[Opening SUPPLIED RECORDS section]

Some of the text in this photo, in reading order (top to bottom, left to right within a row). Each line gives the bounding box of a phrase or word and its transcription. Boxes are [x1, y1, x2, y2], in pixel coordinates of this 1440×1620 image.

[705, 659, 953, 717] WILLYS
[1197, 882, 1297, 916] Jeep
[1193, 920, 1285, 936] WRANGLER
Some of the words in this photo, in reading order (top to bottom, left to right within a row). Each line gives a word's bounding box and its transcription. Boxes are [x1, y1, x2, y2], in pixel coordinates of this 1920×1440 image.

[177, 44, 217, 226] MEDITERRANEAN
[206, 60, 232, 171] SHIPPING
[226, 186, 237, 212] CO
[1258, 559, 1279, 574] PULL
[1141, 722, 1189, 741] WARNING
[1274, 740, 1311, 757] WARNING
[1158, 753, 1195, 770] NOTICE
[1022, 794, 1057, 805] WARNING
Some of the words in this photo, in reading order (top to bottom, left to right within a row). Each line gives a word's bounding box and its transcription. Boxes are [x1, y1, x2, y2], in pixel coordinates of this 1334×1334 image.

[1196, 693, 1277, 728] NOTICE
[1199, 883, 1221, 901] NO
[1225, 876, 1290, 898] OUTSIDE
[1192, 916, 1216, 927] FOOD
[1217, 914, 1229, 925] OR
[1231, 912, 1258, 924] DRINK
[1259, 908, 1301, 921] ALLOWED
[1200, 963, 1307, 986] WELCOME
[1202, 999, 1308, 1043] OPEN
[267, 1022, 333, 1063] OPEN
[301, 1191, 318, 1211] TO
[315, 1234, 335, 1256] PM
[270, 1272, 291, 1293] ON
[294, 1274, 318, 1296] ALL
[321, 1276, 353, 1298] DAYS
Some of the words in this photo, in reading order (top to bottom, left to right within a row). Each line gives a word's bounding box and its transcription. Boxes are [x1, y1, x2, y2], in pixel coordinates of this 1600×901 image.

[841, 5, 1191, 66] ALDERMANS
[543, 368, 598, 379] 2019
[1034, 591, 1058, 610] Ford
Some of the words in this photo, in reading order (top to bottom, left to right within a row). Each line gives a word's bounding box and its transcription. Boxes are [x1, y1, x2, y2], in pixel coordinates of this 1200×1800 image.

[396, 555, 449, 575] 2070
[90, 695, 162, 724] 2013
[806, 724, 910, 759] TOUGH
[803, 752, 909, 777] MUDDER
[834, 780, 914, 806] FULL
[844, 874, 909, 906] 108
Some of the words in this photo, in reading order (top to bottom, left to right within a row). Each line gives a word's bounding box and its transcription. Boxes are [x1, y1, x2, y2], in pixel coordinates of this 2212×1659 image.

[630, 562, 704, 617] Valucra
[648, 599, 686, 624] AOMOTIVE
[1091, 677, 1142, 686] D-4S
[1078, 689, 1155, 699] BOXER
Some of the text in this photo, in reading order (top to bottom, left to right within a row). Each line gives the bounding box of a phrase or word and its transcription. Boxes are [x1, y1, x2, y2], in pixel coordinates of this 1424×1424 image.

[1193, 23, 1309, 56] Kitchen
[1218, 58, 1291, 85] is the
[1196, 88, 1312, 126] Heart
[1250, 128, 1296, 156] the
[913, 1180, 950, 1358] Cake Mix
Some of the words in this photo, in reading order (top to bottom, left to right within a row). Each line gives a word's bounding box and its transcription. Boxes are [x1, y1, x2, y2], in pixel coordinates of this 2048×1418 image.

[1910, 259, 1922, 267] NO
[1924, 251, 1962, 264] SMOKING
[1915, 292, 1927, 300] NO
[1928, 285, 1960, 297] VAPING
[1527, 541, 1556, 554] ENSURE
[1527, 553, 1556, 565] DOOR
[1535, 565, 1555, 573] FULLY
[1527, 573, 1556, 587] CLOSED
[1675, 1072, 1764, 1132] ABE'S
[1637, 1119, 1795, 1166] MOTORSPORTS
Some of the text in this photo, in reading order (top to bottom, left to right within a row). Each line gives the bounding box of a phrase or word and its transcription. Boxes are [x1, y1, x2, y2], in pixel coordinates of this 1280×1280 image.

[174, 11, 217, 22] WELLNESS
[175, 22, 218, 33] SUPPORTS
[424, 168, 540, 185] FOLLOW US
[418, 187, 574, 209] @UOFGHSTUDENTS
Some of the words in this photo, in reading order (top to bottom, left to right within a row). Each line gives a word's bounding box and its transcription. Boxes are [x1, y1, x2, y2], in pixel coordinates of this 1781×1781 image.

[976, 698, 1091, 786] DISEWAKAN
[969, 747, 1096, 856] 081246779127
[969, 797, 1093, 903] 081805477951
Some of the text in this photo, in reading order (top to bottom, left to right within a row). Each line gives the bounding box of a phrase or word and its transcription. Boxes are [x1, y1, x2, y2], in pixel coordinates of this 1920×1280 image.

[Closing SUPPLIED RECORDS section]

> [TO DO] All lines of the data above must be repeated exactly.

> [SOLVED EXERCISE]
Some of the text in this photo, in reading order (top to bottom, left to right within a row). Each line gives the bounding box of a phrase or word and its transcription. Boxes are [x1, y1, x2, y2], in pixel coordinates of this 1440×1620 image.

[705, 659, 953, 717] WILLYS
[1197, 882, 1297, 916] Jeep
[1193, 920, 1285, 936] WRANGLER
Some of the words in this photo, in reading order (top to bottom, left to right within a row). Each line gives a word's bounding box and its transcription. Boxes are [x1, y1, x2, y2], in pixel coordinates of this 1920×1440 image.

[177, 44, 217, 226] MEDITERRANEAN
[206, 60, 232, 171] SHIPPING
[226, 186, 237, 212] CO
[1258, 559, 1279, 574] PULL
[1141, 722, 1189, 741] WARNING
[1274, 740, 1311, 757] WARNING
[1158, 753, 1195, 770] NOTICE
[1022, 794, 1057, 805] WARNING
Some of the words in this photo, in reading order (top to bottom, left to right within a row). Each line gives a word's bounding box and its transcription. Boxes are [x1, y1, x2, y2], in pixel coordinates of this 1334×1334 image.

[1196, 693, 1277, 728] NOTICE
[1199, 883, 1221, 901] NO
[1225, 876, 1290, 898] OUTSIDE
[1192, 916, 1216, 927] FOOD
[1217, 914, 1229, 925] OR
[1231, 912, 1258, 924] DRINK
[1259, 908, 1301, 921] ALLOWED
[1200, 963, 1307, 986] WELCOME
[1202, 999, 1308, 1043] OPEN
[267, 1022, 333, 1063] OPEN
[301, 1191, 318, 1211] TO
[315, 1234, 335, 1256] PM
[270, 1272, 291, 1293] ON
[294, 1274, 318, 1296] ALL
[321, 1276, 353, 1298] DAYS
Some of the words in this photo, in reading order (top to bottom, left to right within a row). Each line gives a word's bounding box and its transcription. Boxes are [x1, y1, x2, y2], in pixel coordinates of this 1600×901 image.

[841, 5, 1191, 66] ALDERMANS
[543, 368, 598, 379] 2019
[1034, 591, 1058, 610] Ford
Some of the words in this photo, in reading order (top to bottom, left to right within a row). Each line gives a word's bounding box and its transcription. Boxes are [x1, y1, x2, y2], in pixel coordinates of this 1200×1800 image.

[396, 555, 449, 575] 2070
[90, 695, 162, 724] 2013
[806, 724, 910, 759] TOUGH
[803, 752, 909, 777] MUDDER
[834, 780, 914, 806] FULL
[844, 874, 909, 906] 108
Some of the words in this photo, in reading order (top to bottom, left to right within a row). Each line gives a word's bounding box and its transcription. Boxes are [x1, y1, x2, y2], in pixel coordinates of this 2212×1659 image.

[630, 562, 704, 617] Valucra
[648, 599, 686, 624] AOMOTIVE
[1091, 677, 1142, 686] D-4S
[1078, 689, 1155, 699] BOXER
Some of the text in this photo, in reading order (top to bottom, left to right within a row). Each line gives the bounding box of a phrase or word and its transcription. Boxes are [x1, y1, x2, y2], in pixel coordinates of this 1424×1424 image.

[1193, 23, 1309, 56] Kitchen
[1218, 58, 1291, 85] is the
[1196, 88, 1312, 126] Heart
[1250, 128, 1296, 156] the
[913, 1180, 950, 1358] Cake Mix
Some of the words in this photo, in reading order (top to bottom, left to right within a row). Each line gives a word's bounding box and its transcription. Boxes are [x1, y1, x2, y2], in pixel coordinates of this 2048×1418 image.

[1910, 259, 1922, 267] NO
[1924, 251, 1962, 264] SMOKING
[1915, 292, 1927, 300] NO
[1928, 285, 1960, 297] VAPING
[1527, 541, 1556, 554] ENSURE
[1527, 553, 1556, 565] DOOR
[1535, 565, 1555, 573] FULLY
[1527, 573, 1556, 587] CLOSED
[1675, 1072, 1764, 1132] ABE'S
[1637, 1119, 1795, 1166] MOTORSPORTS
Some of the text in this photo, in reading order (top to bottom, left to right within a row). Each line gives the bounding box of a phrase or word and its transcription. Boxes are [x1, y1, x2, y2], in pixel coordinates of this 1280×1280 image.

[174, 11, 217, 22] WELLNESS
[175, 22, 218, 33] SUPPORTS
[424, 168, 540, 185] FOLLOW US
[418, 187, 574, 209] @UOFGHSTUDENTS
Some of the words in this photo, in reading order (top to bottom, left to right within a row). Each line gives a word's bounding box and its transcription. Boxes are [x1, y1, x2, y2], in pixel coordinates of this 1781×1781 image.

[976, 698, 1091, 786] DISEWAKAN
[969, 747, 1096, 856] 081246779127
[969, 797, 1093, 903] 081805477951
Some of the text in this photo, in reading order (top to bottom, left to right within a row). Each line gives the bounding box of a phrase or word and its transcription. Boxes are [x1, y1, x2, y2], in pixel coordinates of this 1920×1280 image.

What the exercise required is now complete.